We're meant to be people who communicate, who are in touch, who need people.
When we lose contact, in solitary confinement - as it were - too long, we're on the way to madness and insanity, no longer fully human.
Life is communication - or it’s mere existence.
Have you ever thought how loquacious our God is? "Israel’s God loves to talk, likes nothing better than, in word and deed, to communicate, commune, speak, and.. make community."[1].
In fact, "if God had not been talking, we wouldn't be here."[2]
That's certainly how the early Christians understood it:
"In the beginning was the one who is called the Word.
The Word was with God and was truly God.
From the very beginning the Word was with God.
And with this Word, God created all things.
Nothing was made without the Word.
Everything that was created received its life from him,
and his life gave light to everyone.
The light keeps shining in the dark,
and darkness has never put it out."[3]
God has always been communicating with his world - through word and deed.
But what about Jesus?
How are we to understand him?
In the early centuries of the Church there were vigorous, at time violent, debates about that very question.
In the period leading up to the formulation of the Nicene Creed, there was an argument in full swing between the followers of two church leaders: Athanasius and Arius.
If we had the Nicene Creed in front of us, we'd find phrases such as: "eternally begotten of the Father, God from God, Light from Light, true God from true God, begotten, not made, of one Being with the Father.”
What those phrases try to make clear beyond any shadow of doubt, is that when we look at Jesus, we re seeing as much of God as we can ever hope to see - in fact, we are seeing God himself.
Jesus is God's absolute communication of himself - nothing withheld.
That was Athanasius' point of view.
But for Arius, God could only be God, if he was so exalted he could never ever be fully communicated.
For Arius and his supporters God is self-contained, has no need of anything or anyone else: he is complete within himself.
He couldn't imagine God being directly involved in his creation.
It would make God dependent on his creation and his creatures.
In fact, if God were Father, Son and Holy Spirit, it would make God dependent, derived, divisible, and deficient.
Arius intended to protect and honour God.
God was high above the world, independent of all the worries and concerns of the world.
No, Athanasius asserted, that's /not/ how it is at all.
Jesus was dependent on his Father - completely dependent.
That’s, in fact, the proof that he is God.
We human beings imagine a mark of our humanity is /independence/.
Teenagers want their independence.
Divorcees want their independence.
Retirees don't want to be dependent on their children.
We fear commitment and having to admit dependence on anyone else.
It's dangerous.
It's risky.
But it /is/ part of our humanity.
Arius thought that, if Jesus was dependent on his Father, he was merely human.
Besides, how could the exalted and distant God walk the byways of Palestine and deal with human beings?
If absolute distance and independence are not essential marks of divinity, Arius argued, what are?
The clue is found in our reading: "Everything that the Father has is mine."[4]
As we find elsewhere in John's Good News: “The Father loves the Son and has given him everything."[5]
The definitive mark of God?
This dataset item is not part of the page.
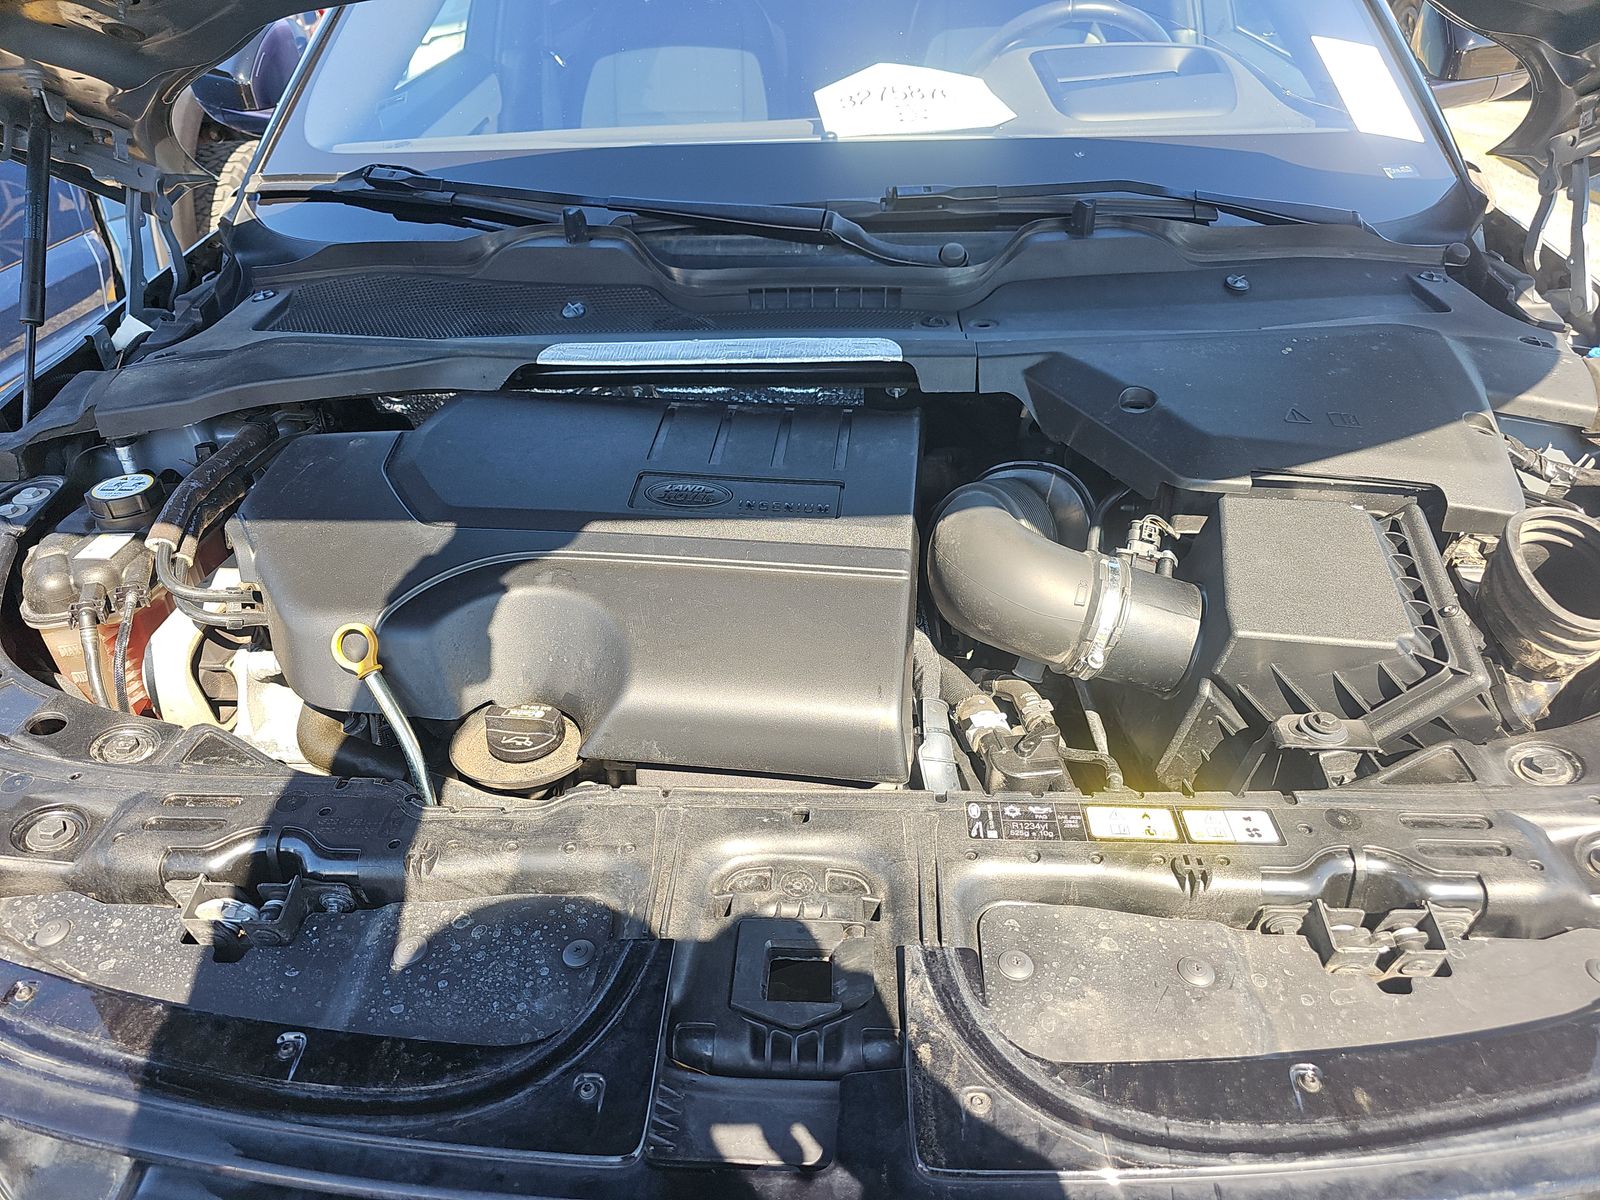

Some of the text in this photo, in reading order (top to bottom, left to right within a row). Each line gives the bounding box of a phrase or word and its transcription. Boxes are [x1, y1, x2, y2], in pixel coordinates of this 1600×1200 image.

[664, 484, 708, 493] LAND
[738, 499, 830, 513] INGENIUM
[1011, 821, 1049, 831] R1234yf
[1039, 830, 1054, 838] 10g
Self-giving love!
That's the dependency of Jesus on his Father: total and mutual self-giving.
When we look at the Son, we are looking at the Father.
God, for Arius, was apart from our world.
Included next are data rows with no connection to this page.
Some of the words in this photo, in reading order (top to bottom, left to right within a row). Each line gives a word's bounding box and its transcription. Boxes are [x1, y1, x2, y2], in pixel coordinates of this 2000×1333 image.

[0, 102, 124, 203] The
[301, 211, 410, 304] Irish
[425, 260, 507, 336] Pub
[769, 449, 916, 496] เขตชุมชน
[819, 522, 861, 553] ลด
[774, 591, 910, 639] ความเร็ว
God, for Athanasius, was intimately involved in our world.
His God was always busily communicating with our world.
I'm glad Athanasius won the argument in the end.
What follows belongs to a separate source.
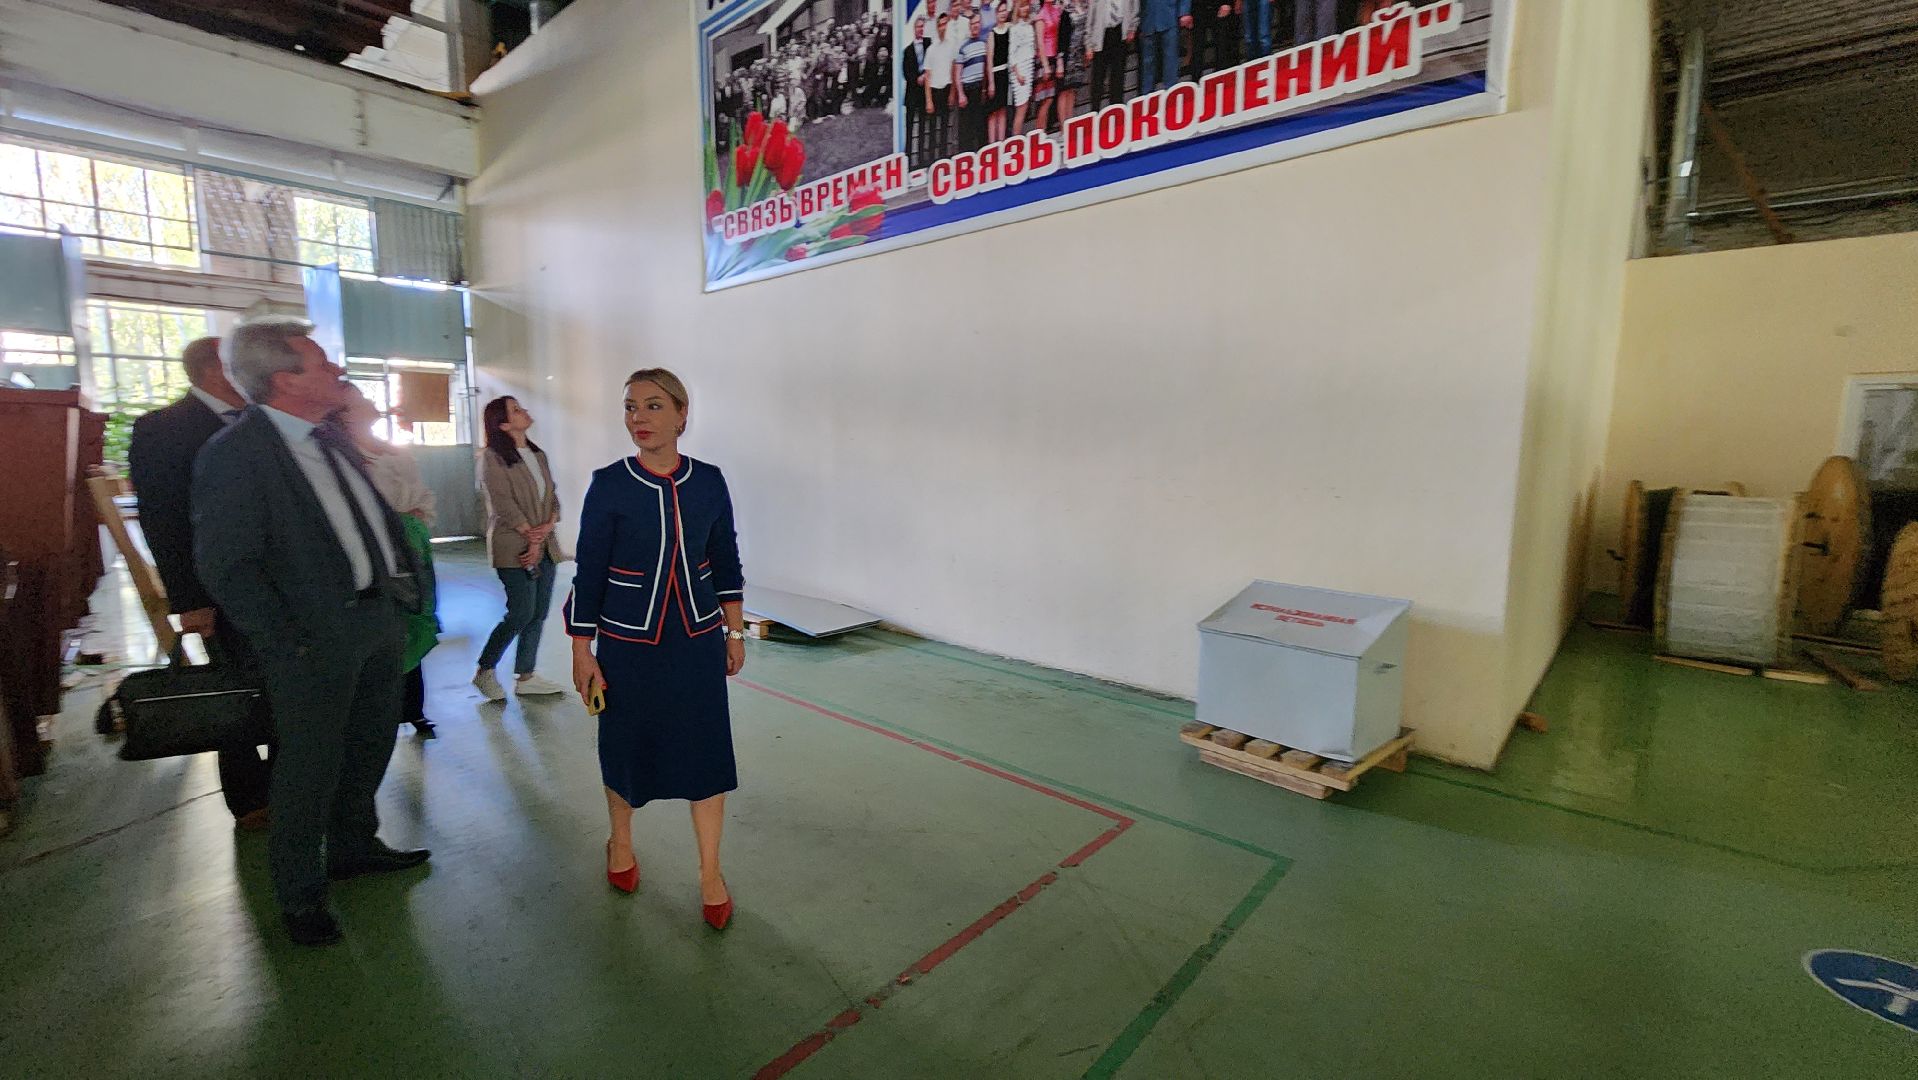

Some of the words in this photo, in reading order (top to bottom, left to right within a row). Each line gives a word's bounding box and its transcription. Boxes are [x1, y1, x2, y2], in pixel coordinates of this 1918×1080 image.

The Trinity isn't a mathematical absurdity of 1 + 1 + 1 = 1.
The Trinity is about God communicating with and relating to this world with all its absurdities and all its tragedies.
Arius would have had us believe God dozes absent-mindedly in some heavenly rocking chair, while the world below goes to hell.
That's /not/ the God we hear about in the stories of Jesus.
It's not the God we see in the life and death of Jesus.
The God we discover through Jesus is all too extravagantly in our world, giving and giving and giving.
If we had our way, we'd instinctively side with Arius.
We want to make God utterly unlike us: almighty, eternal, unchanging, untouched by pain.
But the God we discover in Jesus isn't like that.
Our God, our triune, Trinitarian God isn't like us at all: he is so close, so self-giving, holding nothing back, offering us everything, communicating himself totally, extravagantly, lovingly.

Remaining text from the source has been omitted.